Referring expression grounding data
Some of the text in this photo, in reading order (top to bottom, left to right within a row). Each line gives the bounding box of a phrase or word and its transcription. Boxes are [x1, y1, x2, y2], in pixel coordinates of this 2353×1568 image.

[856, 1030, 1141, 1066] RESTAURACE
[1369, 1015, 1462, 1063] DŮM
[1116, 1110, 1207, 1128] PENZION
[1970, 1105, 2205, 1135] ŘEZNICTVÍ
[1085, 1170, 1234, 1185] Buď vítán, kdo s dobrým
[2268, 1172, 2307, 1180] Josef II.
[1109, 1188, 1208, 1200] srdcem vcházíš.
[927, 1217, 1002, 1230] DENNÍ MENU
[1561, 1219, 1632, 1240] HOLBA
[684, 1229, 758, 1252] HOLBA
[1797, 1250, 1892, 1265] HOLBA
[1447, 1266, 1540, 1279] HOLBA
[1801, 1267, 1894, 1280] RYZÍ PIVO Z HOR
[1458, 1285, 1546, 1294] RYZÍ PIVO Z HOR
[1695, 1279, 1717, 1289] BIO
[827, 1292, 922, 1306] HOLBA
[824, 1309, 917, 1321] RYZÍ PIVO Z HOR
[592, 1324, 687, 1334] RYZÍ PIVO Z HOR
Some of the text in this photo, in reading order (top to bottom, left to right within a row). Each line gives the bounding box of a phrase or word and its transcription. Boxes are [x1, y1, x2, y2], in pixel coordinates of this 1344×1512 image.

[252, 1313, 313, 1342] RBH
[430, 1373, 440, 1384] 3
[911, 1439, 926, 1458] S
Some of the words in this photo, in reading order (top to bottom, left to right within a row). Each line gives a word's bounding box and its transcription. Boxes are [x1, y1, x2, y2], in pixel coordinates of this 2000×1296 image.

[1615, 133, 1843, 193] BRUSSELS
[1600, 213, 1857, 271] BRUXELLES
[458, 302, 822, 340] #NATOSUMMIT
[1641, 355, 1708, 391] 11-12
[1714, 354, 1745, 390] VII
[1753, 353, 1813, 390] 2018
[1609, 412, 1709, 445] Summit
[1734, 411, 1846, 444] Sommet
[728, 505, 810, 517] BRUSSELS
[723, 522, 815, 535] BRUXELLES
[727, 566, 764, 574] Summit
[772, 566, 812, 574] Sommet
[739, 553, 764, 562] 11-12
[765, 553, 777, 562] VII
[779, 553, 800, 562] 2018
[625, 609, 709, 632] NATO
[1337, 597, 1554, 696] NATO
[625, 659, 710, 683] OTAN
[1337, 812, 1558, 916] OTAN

> WORK INSTRUCTION
Return each entry exactly. Leave none out.

> RESULT OF THE EXERCISE
Some of the text in this photo, in reading order (top to bottom, left to right within a row). Each line gives the bounding box of a phrase or word and its transcription. Boxes are [x1, y1, x2, y2], in pixel coordinates of this 2353×1568 image.

[856, 1030, 1141, 1066] RESTAURACE
[1369, 1015, 1462, 1063] DŮM
[1116, 1110, 1207, 1128] PENZION
[1970, 1105, 2205, 1135] ŘEZNICTVÍ
[1085, 1170, 1234, 1185] Buď vítán, kdo s dobrým
[2268, 1172, 2307, 1180] Josef II.
[1109, 1188, 1208, 1200] srdcem vcházíš.
[927, 1217, 1002, 1230] DENNÍ MENU
[1561, 1219, 1632, 1240] HOLBA
[684, 1229, 758, 1252] HOLBA
[1797, 1250, 1892, 1265] HOLBA
[1447, 1266, 1540, 1279] HOLBA
[1801, 1267, 1894, 1280] RYZÍ PIVO Z HOR
[1458, 1285, 1546, 1294] RYZÍ PIVO Z HOR
[1695, 1279, 1717, 1289] BIO
[827, 1292, 922, 1306] HOLBA
[824, 1309, 917, 1321] RYZÍ PIVO Z HOR
[592, 1324, 687, 1334] RYZÍ PIVO Z HOR
Some of the text in this photo, in reading order (top to bottom, left to right within a row). Each line gives the bounding box of a phrase or word and its transcription. Boxes are [x1, y1, x2, y2], in pixel coordinates of this 1344×1512 image.

[252, 1313, 313, 1342] RBH
[430, 1373, 440, 1384] 3
[911, 1439, 926, 1458] S
Some of the words in this photo, in reading order (top to bottom, left to right within a row). Each line gives a word's bounding box and its transcription. Boxes are [x1, y1, x2, y2], in pixel coordinates of this 2000×1296 image.

[1615, 133, 1843, 193] BRUSSELS
[1600, 213, 1857, 271] BRUXELLES
[458, 302, 822, 340] #NATOSUMMIT
[1641, 355, 1708, 391] 11-12
[1714, 354, 1745, 390] VII
[1753, 353, 1813, 390] 2018
[1609, 412, 1709, 445] Summit
[1734, 411, 1846, 444] Sommet
[728, 505, 810, 517] BRUSSELS
[723, 522, 815, 535] BRUXELLES
[727, 566, 764, 574] Summit
[772, 566, 812, 574] Sommet
[739, 553, 764, 562] 11-12
[765, 553, 777, 562] VII
[779, 553, 800, 562] 2018
[625, 609, 709, 632] NATO
[1337, 597, 1554, 696] NATO
[625, 659, 710, 683] OTAN
[1337, 812, 1558, 916] OTAN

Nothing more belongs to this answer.